■ WHAT THIS TASK INVOLVES ■
Nothing in the data may change. Copy all of it exactly.

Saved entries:
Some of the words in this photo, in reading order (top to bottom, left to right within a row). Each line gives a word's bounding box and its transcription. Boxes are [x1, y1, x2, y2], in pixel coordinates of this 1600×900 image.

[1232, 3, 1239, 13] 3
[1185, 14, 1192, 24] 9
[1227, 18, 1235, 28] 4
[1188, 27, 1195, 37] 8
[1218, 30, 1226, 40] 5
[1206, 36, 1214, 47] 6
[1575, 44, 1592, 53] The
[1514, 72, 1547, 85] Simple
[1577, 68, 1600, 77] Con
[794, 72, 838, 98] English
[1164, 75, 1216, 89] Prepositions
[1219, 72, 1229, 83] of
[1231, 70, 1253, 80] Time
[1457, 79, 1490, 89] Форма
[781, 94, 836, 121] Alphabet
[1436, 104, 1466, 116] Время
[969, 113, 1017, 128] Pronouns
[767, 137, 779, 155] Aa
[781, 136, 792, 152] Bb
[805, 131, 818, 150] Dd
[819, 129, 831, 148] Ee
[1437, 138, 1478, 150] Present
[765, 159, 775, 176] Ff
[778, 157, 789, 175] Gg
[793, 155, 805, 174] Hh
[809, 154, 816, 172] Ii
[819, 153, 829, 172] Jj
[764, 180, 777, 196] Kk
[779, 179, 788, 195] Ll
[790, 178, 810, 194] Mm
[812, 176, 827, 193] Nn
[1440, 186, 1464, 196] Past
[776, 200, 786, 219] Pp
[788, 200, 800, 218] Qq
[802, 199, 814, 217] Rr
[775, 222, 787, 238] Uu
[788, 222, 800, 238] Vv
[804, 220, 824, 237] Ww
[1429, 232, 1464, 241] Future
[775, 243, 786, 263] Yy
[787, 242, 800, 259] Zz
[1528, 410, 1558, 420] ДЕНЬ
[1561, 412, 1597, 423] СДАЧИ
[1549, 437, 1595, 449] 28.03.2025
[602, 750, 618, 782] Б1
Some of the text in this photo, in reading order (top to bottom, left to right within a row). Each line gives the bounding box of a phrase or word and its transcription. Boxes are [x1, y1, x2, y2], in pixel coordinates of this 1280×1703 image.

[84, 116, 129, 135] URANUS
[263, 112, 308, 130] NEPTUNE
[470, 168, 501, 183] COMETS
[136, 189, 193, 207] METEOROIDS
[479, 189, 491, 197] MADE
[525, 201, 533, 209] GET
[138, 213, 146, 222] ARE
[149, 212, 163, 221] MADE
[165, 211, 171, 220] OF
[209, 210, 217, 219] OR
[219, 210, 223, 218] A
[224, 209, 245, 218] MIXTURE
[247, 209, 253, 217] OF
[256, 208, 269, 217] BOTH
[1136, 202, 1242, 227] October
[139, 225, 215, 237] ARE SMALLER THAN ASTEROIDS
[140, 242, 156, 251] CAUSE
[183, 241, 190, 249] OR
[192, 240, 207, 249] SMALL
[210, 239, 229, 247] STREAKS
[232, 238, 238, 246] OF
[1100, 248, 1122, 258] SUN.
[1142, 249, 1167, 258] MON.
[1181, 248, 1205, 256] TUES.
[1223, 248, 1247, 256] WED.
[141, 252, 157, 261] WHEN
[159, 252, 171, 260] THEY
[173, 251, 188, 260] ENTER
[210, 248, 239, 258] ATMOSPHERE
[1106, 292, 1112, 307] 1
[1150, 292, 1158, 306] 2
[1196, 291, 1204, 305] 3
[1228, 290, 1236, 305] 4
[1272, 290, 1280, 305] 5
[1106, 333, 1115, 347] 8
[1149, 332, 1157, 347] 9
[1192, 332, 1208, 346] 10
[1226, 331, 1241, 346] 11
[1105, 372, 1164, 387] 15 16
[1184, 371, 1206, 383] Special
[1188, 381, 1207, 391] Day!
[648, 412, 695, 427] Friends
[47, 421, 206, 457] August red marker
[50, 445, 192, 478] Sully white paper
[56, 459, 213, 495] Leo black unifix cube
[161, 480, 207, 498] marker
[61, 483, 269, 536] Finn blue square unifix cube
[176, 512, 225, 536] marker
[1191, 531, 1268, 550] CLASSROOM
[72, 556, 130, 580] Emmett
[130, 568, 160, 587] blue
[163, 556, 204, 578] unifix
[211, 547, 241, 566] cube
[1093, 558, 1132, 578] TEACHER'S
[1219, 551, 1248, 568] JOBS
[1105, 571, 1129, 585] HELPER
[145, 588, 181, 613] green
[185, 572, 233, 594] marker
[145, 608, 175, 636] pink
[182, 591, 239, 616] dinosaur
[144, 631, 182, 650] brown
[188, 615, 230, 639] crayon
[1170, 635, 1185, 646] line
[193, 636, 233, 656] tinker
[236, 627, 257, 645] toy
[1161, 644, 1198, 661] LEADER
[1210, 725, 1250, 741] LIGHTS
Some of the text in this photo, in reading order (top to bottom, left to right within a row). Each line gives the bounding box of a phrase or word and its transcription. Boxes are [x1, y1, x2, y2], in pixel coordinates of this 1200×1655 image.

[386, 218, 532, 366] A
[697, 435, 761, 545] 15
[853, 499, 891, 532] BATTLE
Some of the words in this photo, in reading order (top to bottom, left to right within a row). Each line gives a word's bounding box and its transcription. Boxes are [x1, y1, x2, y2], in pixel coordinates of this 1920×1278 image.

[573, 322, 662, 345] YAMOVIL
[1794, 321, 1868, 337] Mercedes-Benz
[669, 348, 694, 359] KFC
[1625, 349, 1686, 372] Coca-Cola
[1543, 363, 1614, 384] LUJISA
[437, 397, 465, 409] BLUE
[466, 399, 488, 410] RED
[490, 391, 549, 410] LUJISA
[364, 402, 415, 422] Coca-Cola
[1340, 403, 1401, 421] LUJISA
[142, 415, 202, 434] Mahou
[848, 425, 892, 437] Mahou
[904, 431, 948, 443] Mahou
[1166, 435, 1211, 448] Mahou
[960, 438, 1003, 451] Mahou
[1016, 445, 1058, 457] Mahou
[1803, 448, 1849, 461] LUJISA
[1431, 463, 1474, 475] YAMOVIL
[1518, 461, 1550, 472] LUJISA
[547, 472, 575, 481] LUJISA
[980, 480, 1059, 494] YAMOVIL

■ SOLVED EXERCISE ■
Some of the words in this photo, in reading order (top to bottom, left to right within a row). Each line gives a word's bounding box and its transcription. Boxes are [x1, y1, x2, y2], in pixel coordinates of this 1600×900 image.

[1232, 3, 1239, 13] 3
[1185, 14, 1192, 24] 9
[1227, 18, 1235, 28] 4
[1188, 27, 1195, 37] 8
[1218, 30, 1226, 40] 5
[1206, 36, 1214, 47] 6
[1575, 44, 1592, 53] The
[1514, 72, 1547, 85] Simple
[1577, 68, 1600, 77] Con
[794, 72, 838, 98] English
[1164, 75, 1216, 89] Prepositions
[1219, 72, 1229, 83] of
[1231, 70, 1253, 80] Time
[1457, 79, 1490, 89] Форма
[781, 94, 836, 121] Alphabet
[1436, 104, 1466, 116] Время
[969, 113, 1017, 128] Pronouns
[767, 137, 779, 155] Aa
[781, 136, 792, 152] Bb
[805, 131, 818, 150] Dd
[819, 129, 831, 148] Ee
[1437, 138, 1478, 150] Present
[765, 159, 775, 176] Ff
[778, 157, 789, 175] Gg
[793, 155, 805, 174] Hh
[809, 154, 816, 172] Ii
[819, 153, 829, 172] Jj
[764, 180, 777, 196] Kk
[779, 179, 788, 195] Ll
[790, 178, 810, 194] Mm
[812, 176, 827, 193] Nn
[1440, 186, 1464, 196] Past
[776, 200, 786, 219] Pp
[788, 200, 800, 218] Qq
[802, 199, 814, 217] Rr
[775, 222, 787, 238] Uu
[788, 222, 800, 238] Vv
[804, 220, 824, 237] Ww
[1429, 232, 1464, 241] Future
[775, 243, 786, 263] Yy
[787, 242, 800, 259] Zz
[1528, 410, 1558, 420] ДЕНЬ
[1561, 412, 1597, 423] СДАЧИ
[1549, 437, 1595, 449] 28.03.2025
[602, 750, 618, 782] Б1
Some of the text in this photo, in reading order (top to bottom, left to right within a row). Each line gives the bounding box of a phrase or word and its transcription. Boxes are [x1, y1, x2, y2], in pixel coordinates of this 1280×1703 image.

[84, 116, 129, 135] URANUS
[263, 112, 308, 130] NEPTUNE
[470, 168, 501, 183] COMETS
[136, 189, 193, 207] METEOROIDS
[479, 189, 491, 197] MADE
[525, 201, 533, 209] GET
[138, 213, 146, 222] ARE
[149, 212, 163, 221] MADE
[165, 211, 171, 220] OF
[209, 210, 217, 219] OR
[219, 210, 223, 218] A
[224, 209, 245, 218] MIXTURE
[247, 209, 253, 217] OF
[256, 208, 269, 217] BOTH
[1136, 202, 1242, 227] October
[139, 225, 215, 237] ARE SMALLER THAN ASTEROIDS
[140, 242, 156, 251] CAUSE
[183, 241, 190, 249] OR
[192, 240, 207, 249] SMALL
[210, 239, 229, 247] STREAKS
[232, 238, 238, 246] OF
[1100, 248, 1122, 258] SUN.
[1142, 249, 1167, 258] MON.
[1181, 248, 1205, 256] TUES.
[1223, 248, 1247, 256] WED.
[141, 252, 157, 261] WHEN
[159, 252, 171, 260] THEY
[173, 251, 188, 260] ENTER
[210, 248, 239, 258] ATMOSPHERE
[1106, 292, 1112, 307] 1
[1150, 292, 1158, 306] 2
[1196, 291, 1204, 305] 3
[1228, 290, 1236, 305] 4
[1272, 290, 1280, 305] 5
[1106, 333, 1115, 347] 8
[1149, 332, 1157, 347] 9
[1192, 332, 1208, 346] 10
[1226, 331, 1241, 346] 11
[1105, 372, 1164, 387] 15 16
[1184, 371, 1206, 383] Special
[1188, 381, 1207, 391] Day!
[648, 412, 695, 427] Friends
[47, 421, 206, 457] August red marker
[50, 445, 192, 478] Sully white paper
[56, 459, 213, 495] Leo black unifix cube
[161, 480, 207, 498] marker
[61, 483, 269, 536] Finn blue square unifix cube
[176, 512, 225, 536] marker
[1191, 531, 1268, 550] CLASSROOM
[72, 556, 130, 580] Emmett
[130, 568, 160, 587] blue
[163, 556, 204, 578] unifix
[211, 547, 241, 566] cube
[1093, 558, 1132, 578] TEACHER'S
[1219, 551, 1248, 568] JOBS
[1105, 571, 1129, 585] HELPER
[145, 588, 181, 613] green
[185, 572, 233, 594] marker
[145, 608, 175, 636] pink
[182, 591, 239, 616] dinosaur
[144, 631, 182, 650] brown
[188, 615, 230, 639] crayon
[1170, 635, 1185, 646] line
[193, 636, 233, 656] tinker
[236, 627, 257, 645] toy
[1161, 644, 1198, 661] LEADER
[1210, 725, 1250, 741] LIGHTS
Some of the text in this photo, in reading order (top to bottom, left to right within a row). Each line gives the bounding box of a phrase or word and its transcription. Boxes are [x1, y1, x2, y2], in pixel coordinates of this 1200×1655 image.

[386, 218, 532, 366] A
[697, 435, 761, 545] 15
[853, 499, 891, 532] BATTLE
Some of the words in this photo, in reading order (top to bottom, left to right within a row). Each line gives a word's bounding box and its transcription. Boxes are [x1, y1, x2, y2], in pixel coordinates of this 1920×1278 image.

[573, 322, 662, 345] YAMOVIL
[1794, 321, 1868, 337] Mercedes-Benz
[669, 348, 694, 359] KFC
[1625, 349, 1686, 372] Coca-Cola
[1543, 363, 1614, 384] LUJISA
[437, 397, 465, 409] BLUE
[466, 399, 488, 410] RED
[490, 391, 549, 410] LUJISA
[364, 402, 415, 422] Coca-Cola
[1340, 403, 1401, 421] LUJISA
[142, 415, 202, 434] Mahou
[848, 425, 892, 437] Mahou
[904, 431, 948, 443] Mahou
[1166, 435, 1211, 448] Mahou
[960, 438, 1003, 451] Mahou
[1016, 445, 1058, 457] Mahou
[1803, 448, 1849, 461] LUJISA
[1431, 463, 1474, 475] YAMOVIL
[1518, 461, 1550, 472] LUJISA
[547, 472, 575, 481] LUJISA
[980, 480, 1059, 494] YAMOVIL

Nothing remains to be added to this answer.